- TRY IT -
Please give an exact printout of the records, without any pictures.

[Records from a dataset]

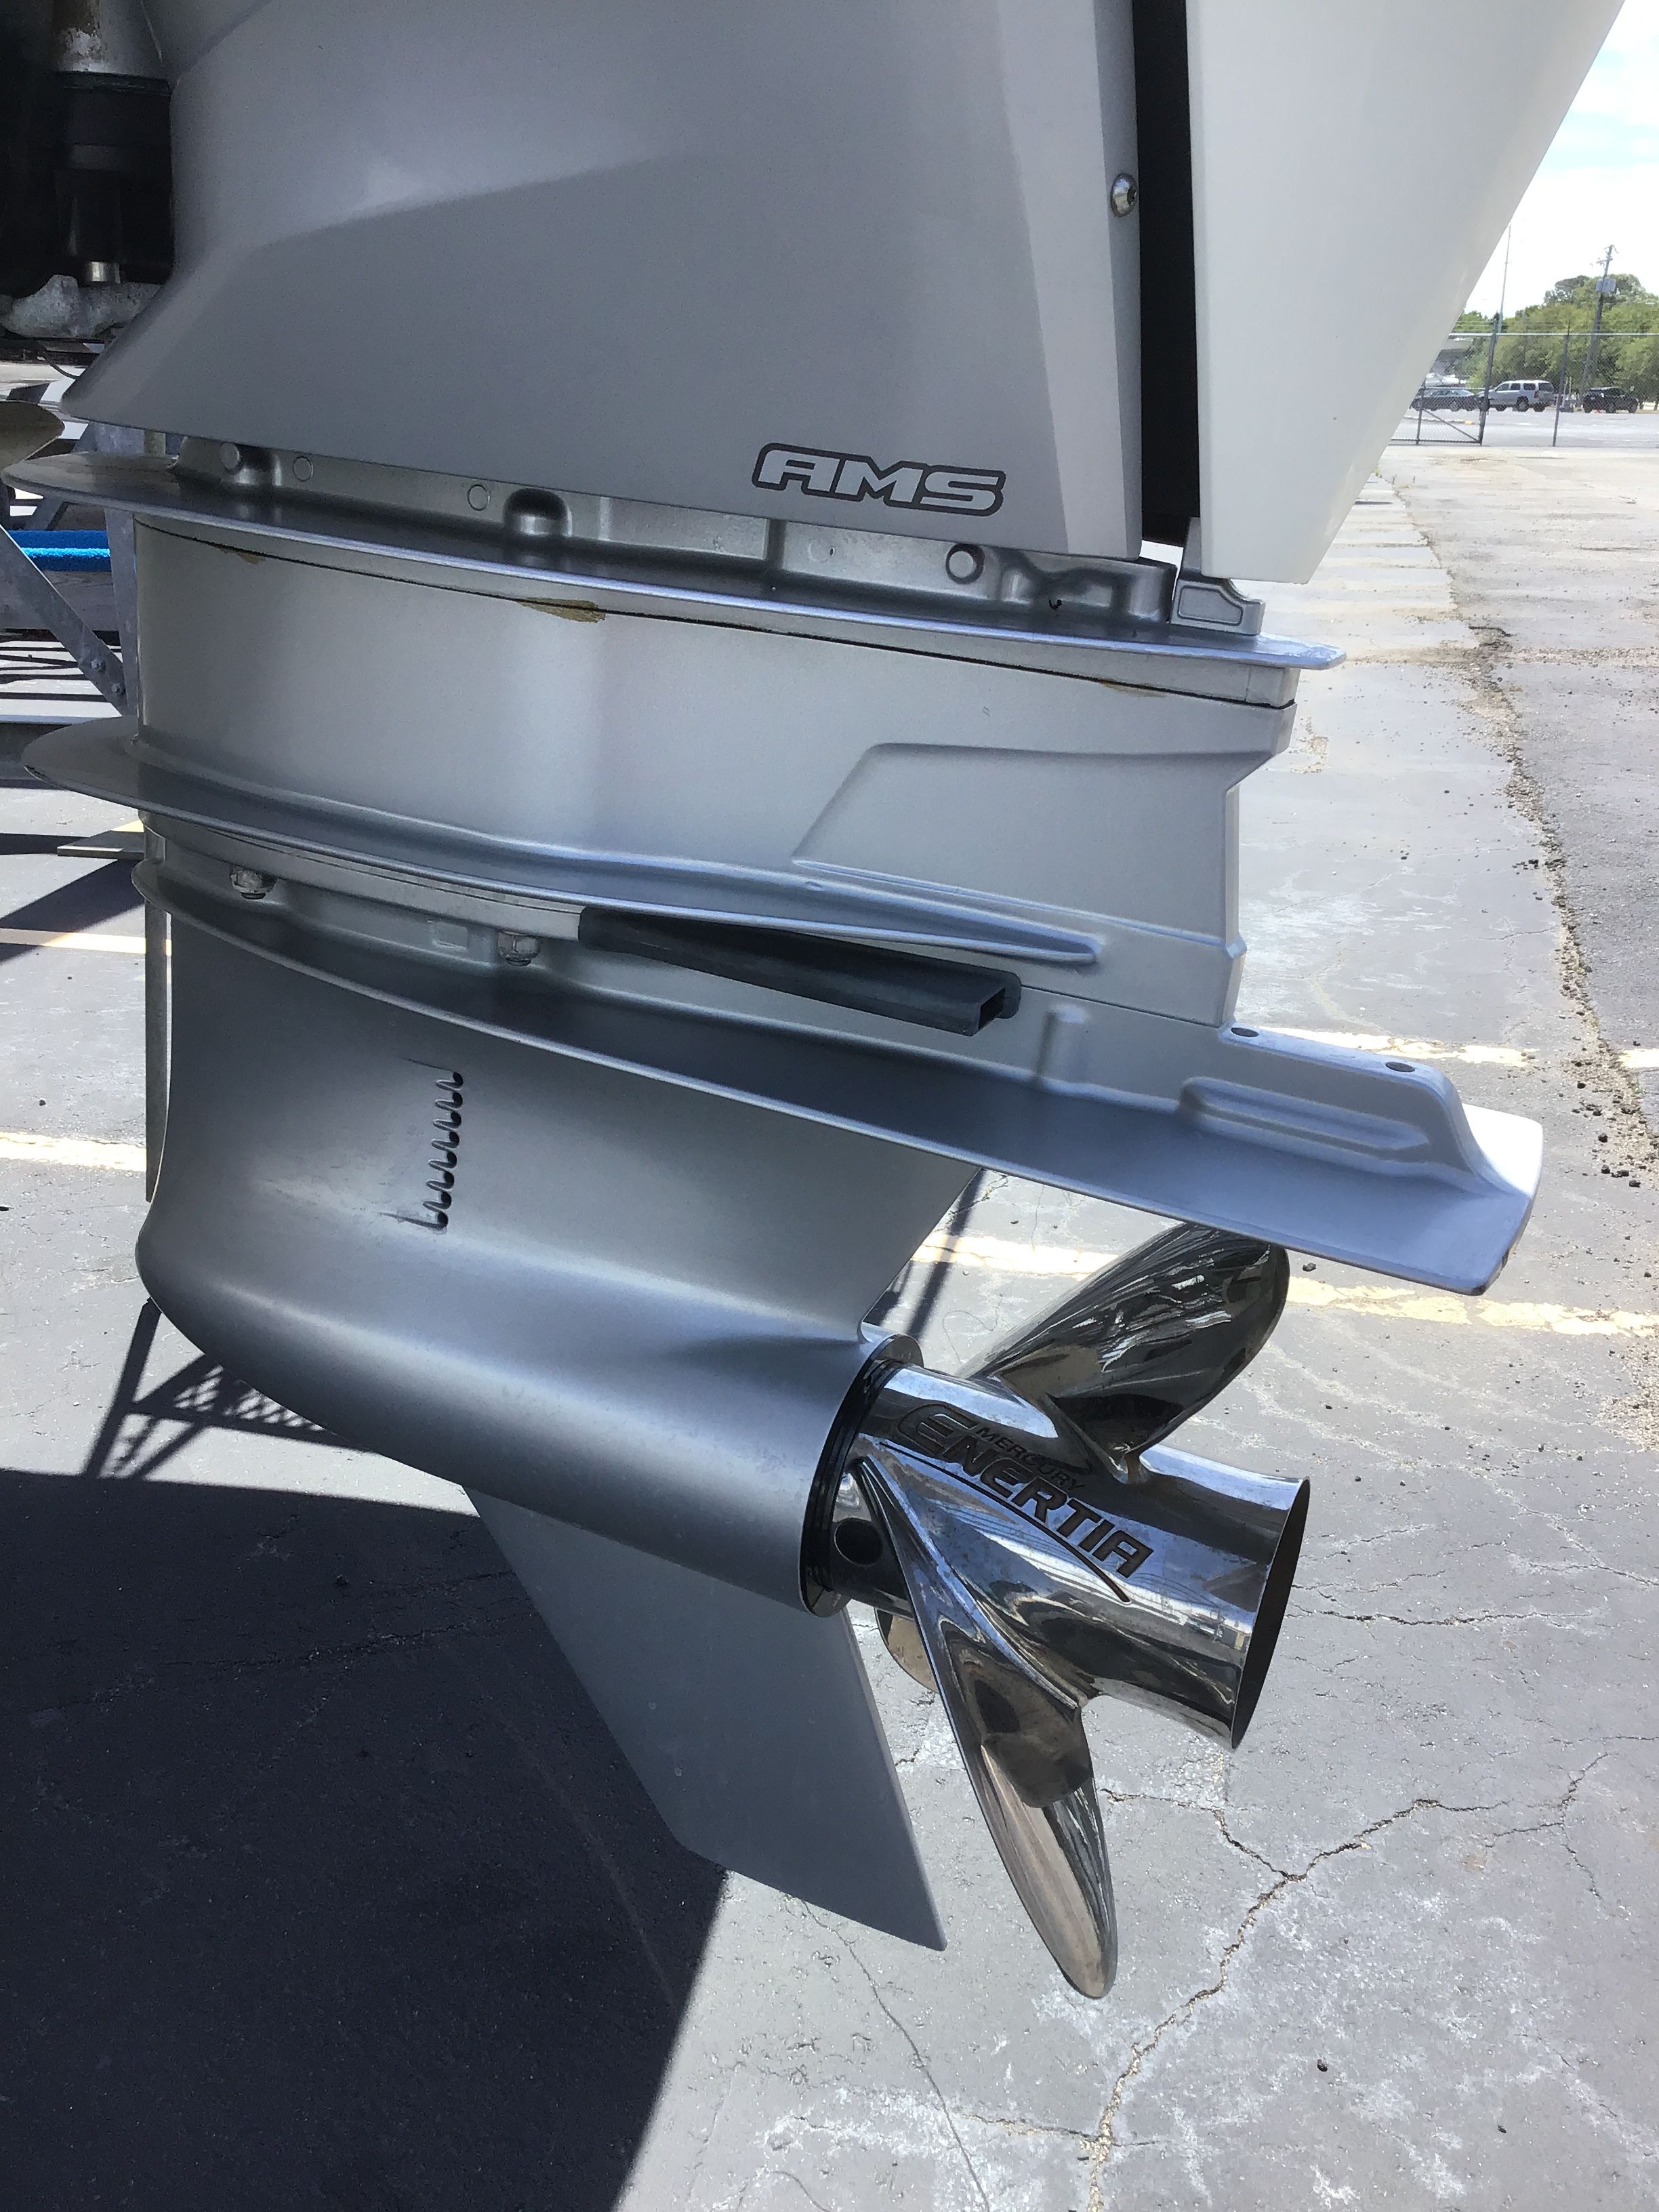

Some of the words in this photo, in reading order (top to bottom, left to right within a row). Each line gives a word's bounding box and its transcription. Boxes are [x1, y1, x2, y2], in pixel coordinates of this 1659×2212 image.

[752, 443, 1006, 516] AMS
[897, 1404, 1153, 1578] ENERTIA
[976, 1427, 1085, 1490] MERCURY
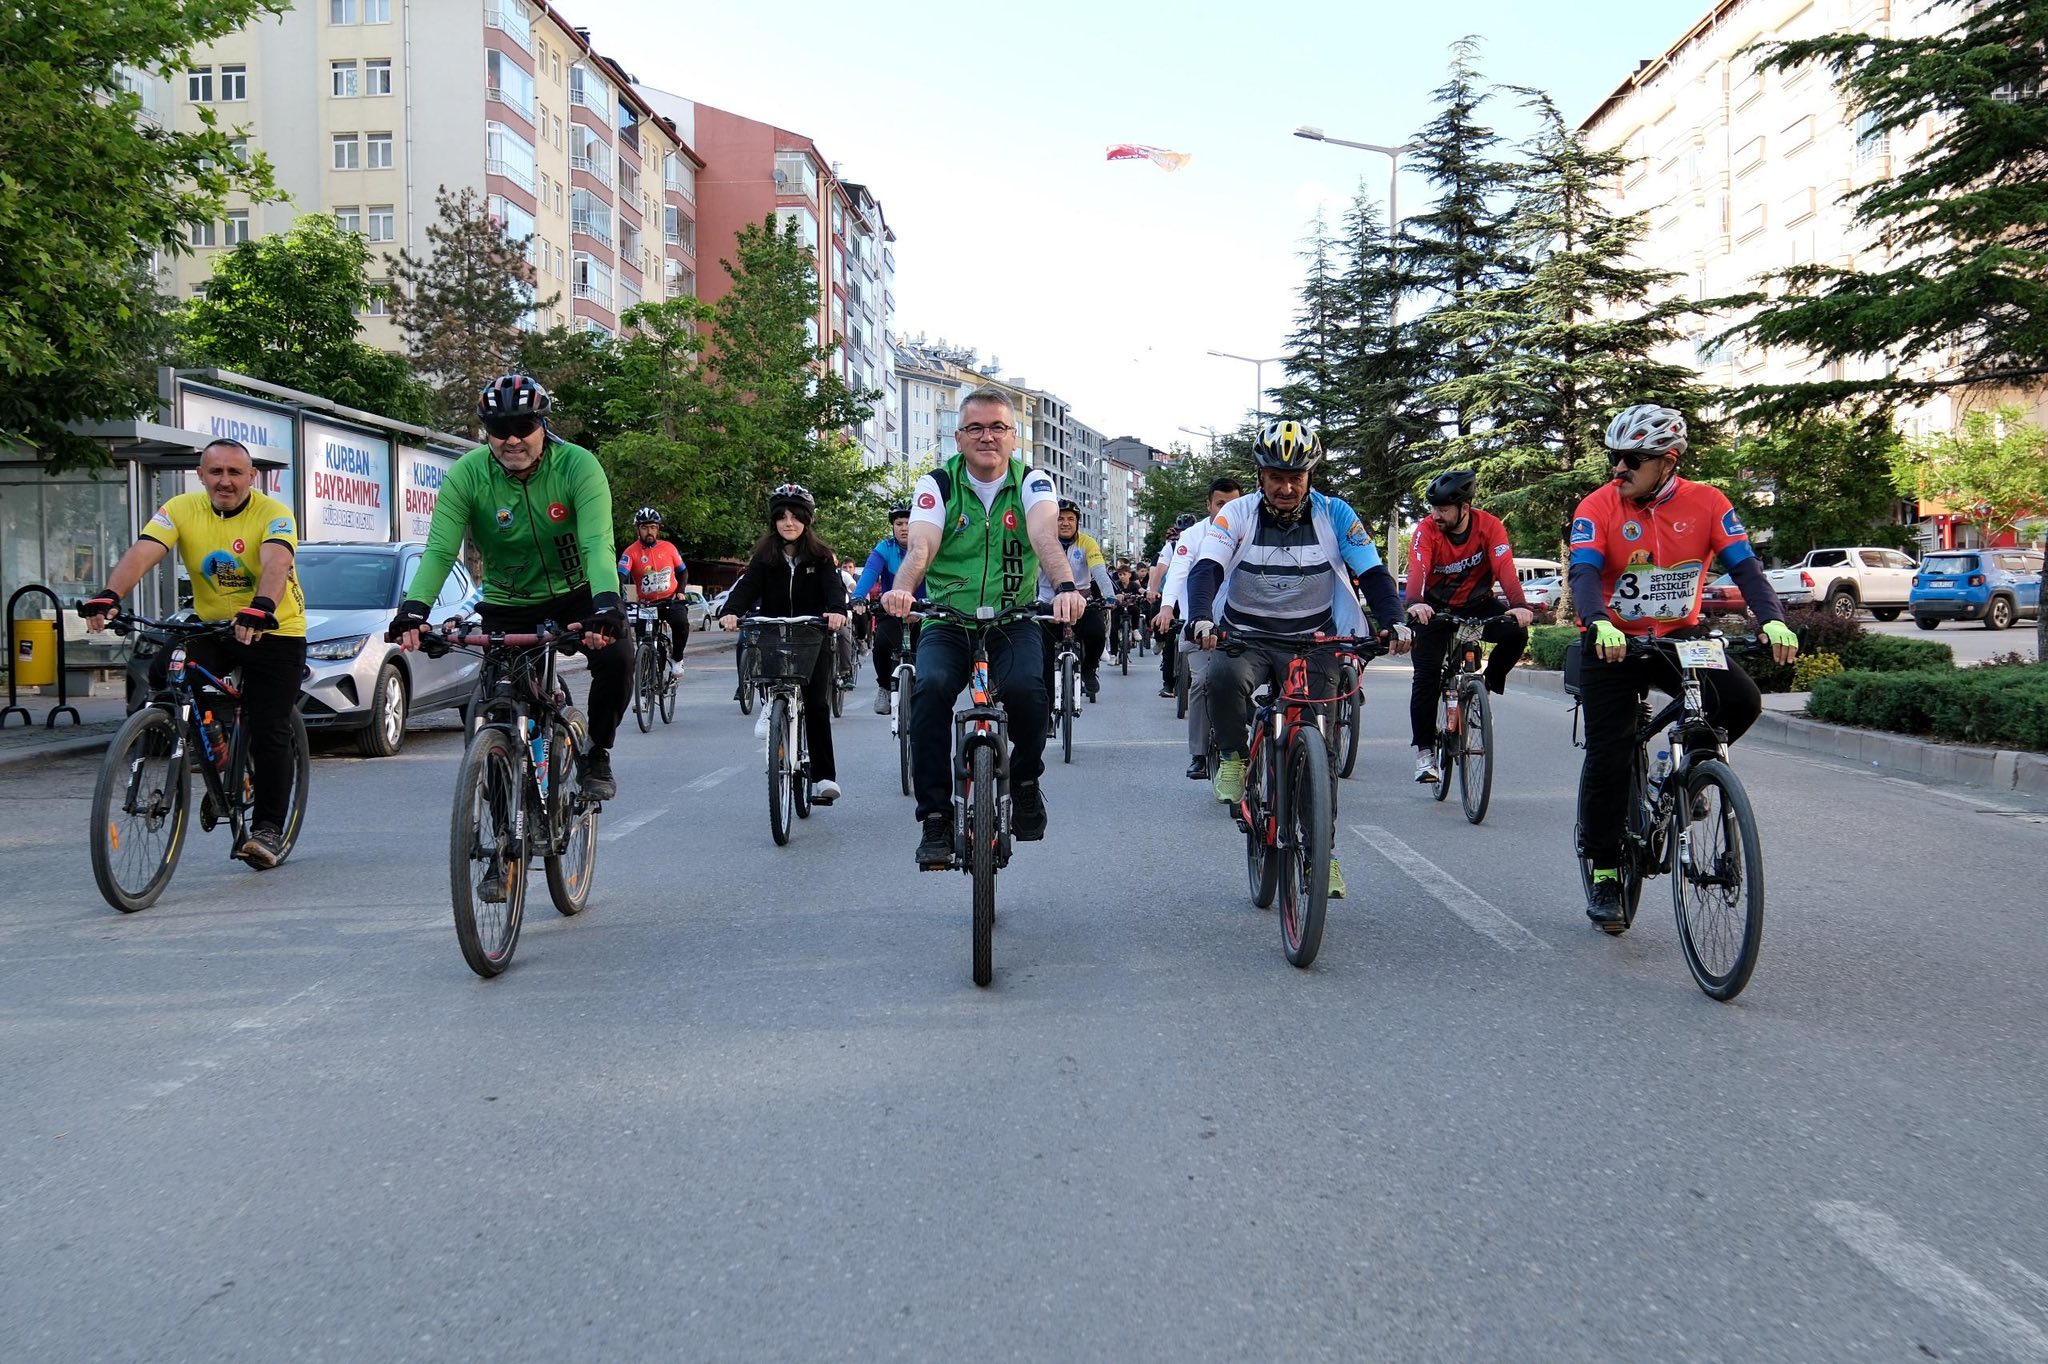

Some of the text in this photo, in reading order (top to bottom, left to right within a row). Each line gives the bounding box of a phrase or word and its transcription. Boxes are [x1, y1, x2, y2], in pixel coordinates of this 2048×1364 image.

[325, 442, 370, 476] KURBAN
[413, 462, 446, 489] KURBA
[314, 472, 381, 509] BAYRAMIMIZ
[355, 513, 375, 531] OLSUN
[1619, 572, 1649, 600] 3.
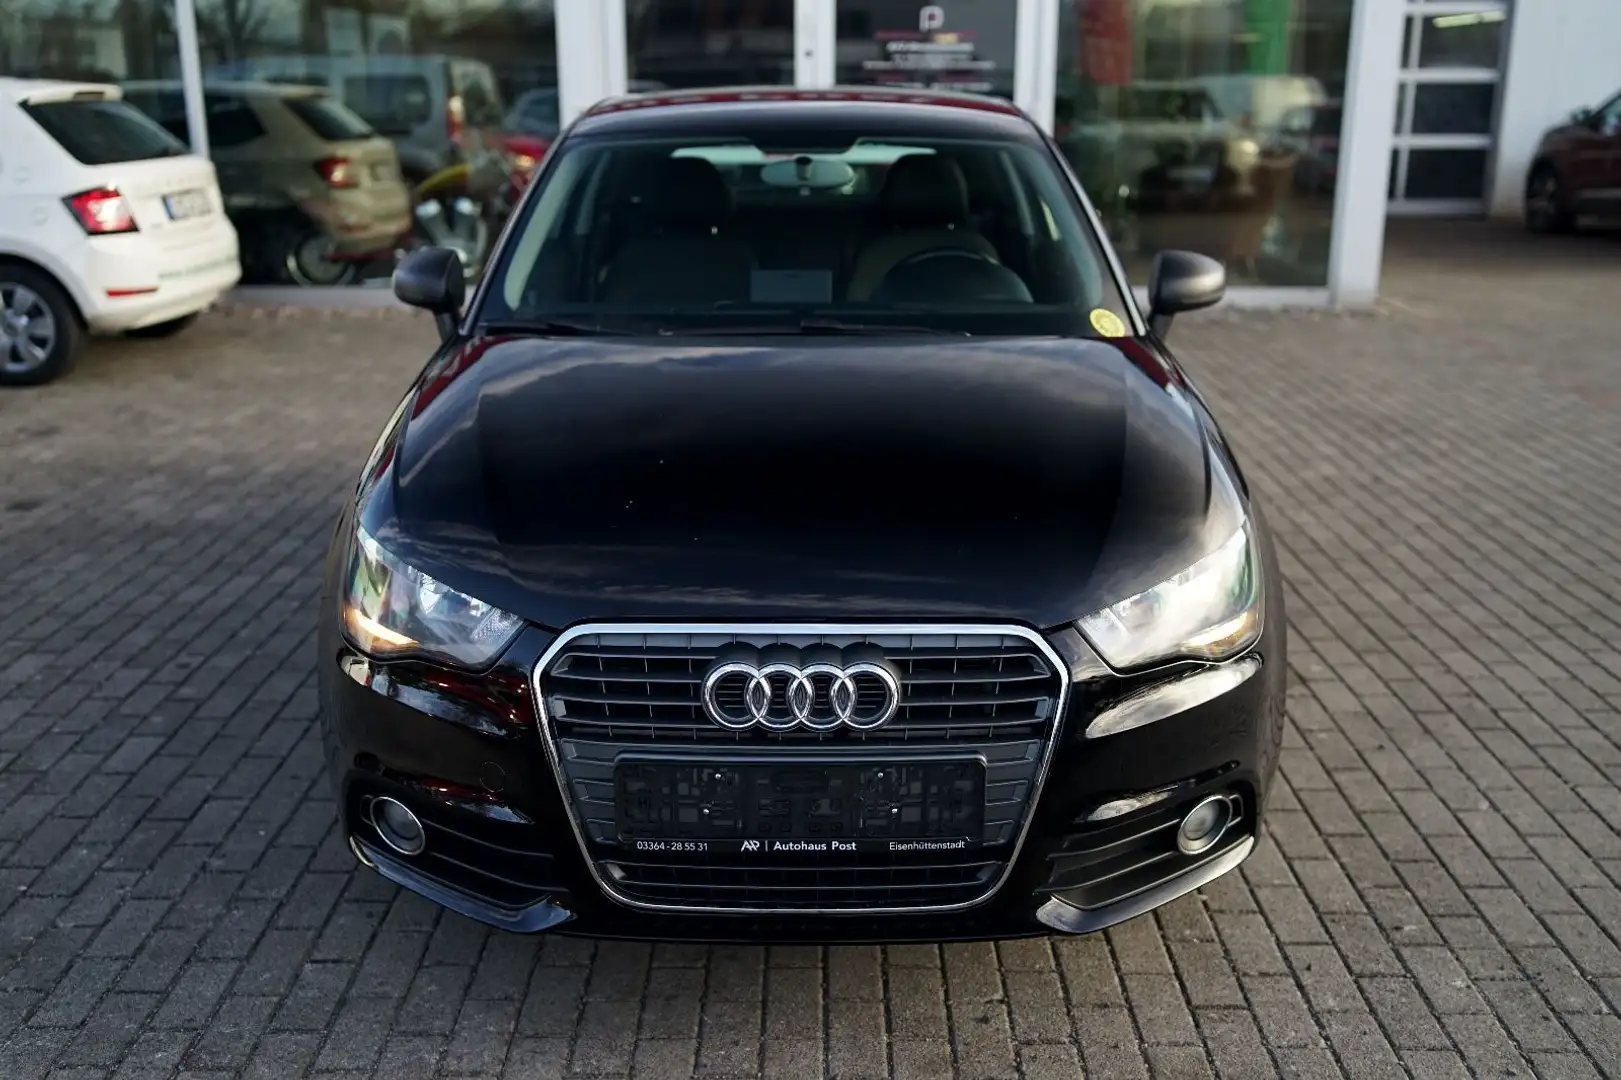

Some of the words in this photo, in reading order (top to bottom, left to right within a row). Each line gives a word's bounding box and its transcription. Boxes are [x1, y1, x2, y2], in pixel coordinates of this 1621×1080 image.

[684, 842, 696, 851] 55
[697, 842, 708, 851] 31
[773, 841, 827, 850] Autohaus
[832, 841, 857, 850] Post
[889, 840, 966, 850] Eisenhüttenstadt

- WRITTEN SOLUTION -
Some of the words in this photo, in reading order (top to bottom, left to right within a row). Each line gives a word's bounding box and its transcription. Boxes are [x1, y1, x2, y2], in pixel coordinates of this 1659×2212 image.

[752, 443, 1006, 516] AMS
[897, 1404, 1153, 1578] ENERTIA
[976, 1427, 1085, 1490] MERCURY

Some of the text in this photo, in reading order (top to bottom, left to right within a row). Each line gives the bounding box of a phrase or word and its transcription. Boxes are [x1, y1, x2, y2], in pixel coordinates of this 2048×1364 image.

[325, 442, 370, 476] KURBAN
[413, 462, 446, 489] KURBA
[314, 472, 381, 509] BAYRAMIMIZ
[355, 513, 375, 531] OLSUN
[1619, 572, 1649, 600] 3.

Some of the words in this photo, in reading order (top to bottom, left to right within a row). Each line gives a word's bounding box and its transcription. Boxes are [x1, y1, x2, y2], in pixel coordinates of this 1621×1080 image.

[684, 842, 696, 851] 55
[697, 842, 708, 851] 31
[773, 841, 827, 850] Autohaus
[832, 841, 857, 850] Post
[889, 840, 966, 850] Eisenhüttenstadt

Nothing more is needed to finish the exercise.